Genus Euphorbia is one of the largest groups of vascular plants and its representatives are found all over the world, everywhere but the coldest places. The genus includes a hugely diverse range of species, from annual herbs to large trees, and the inflorescence of its members has specialized in the peculiarities of the natural architecture over a long period of time.

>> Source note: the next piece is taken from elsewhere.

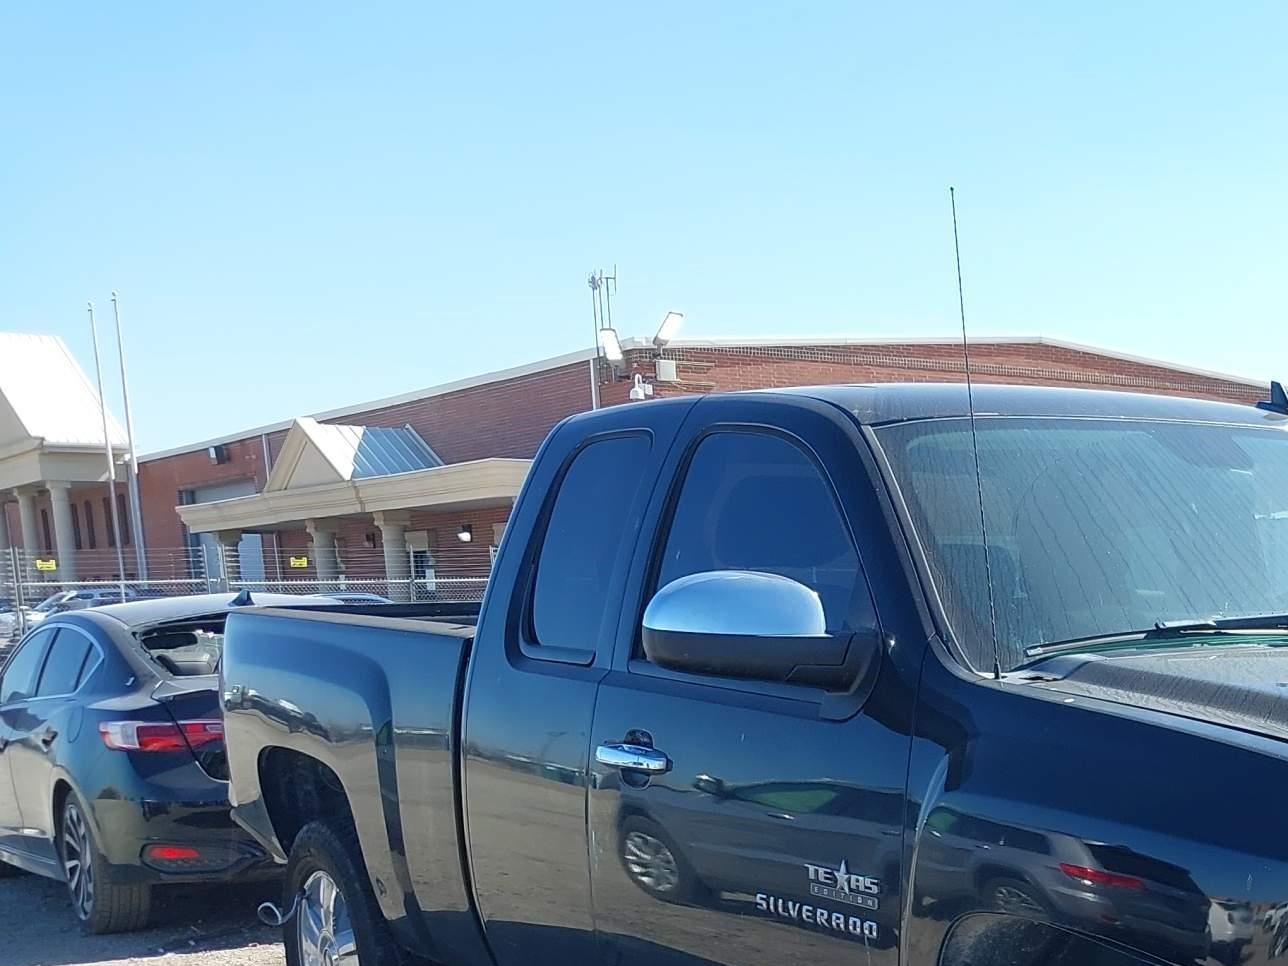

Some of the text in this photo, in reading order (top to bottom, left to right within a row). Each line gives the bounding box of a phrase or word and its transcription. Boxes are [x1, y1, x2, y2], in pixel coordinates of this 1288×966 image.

[803, 859, 879, 895] TEXAS
[813, 885, 874, 907] EDITION
[755, 893, 878, 939] SILVERADO

Sun spurge is one of the more common of the small amount of genus Euphorbia species that grow in Finland. The plant’s former Finnish name refers to the way its latex was used to treat dry, flaky eczema that was caused by parasitic fungi. Like its relatives, its latex is notably poisonous, so it is best to forget experimenting alone with its medicinal properties. When the plant is carefully watched, it can be seen that it turns its beautiful flowering stems towards the sun. This was also apparently noticed by the botanists who named it: its scientific name helioscopia comes from the Ancient Greek helios, ’sun’ and skopein, ’to watch’: sunwatcher!
Sun spurge is most likely found in fields and gardens, and its appearance is to a certain extent tied to old inhabitation. Its habitats are often shared by petty spurge (E. peplus), which has a three-branched inflorescence and full leaf blades which have entire margins.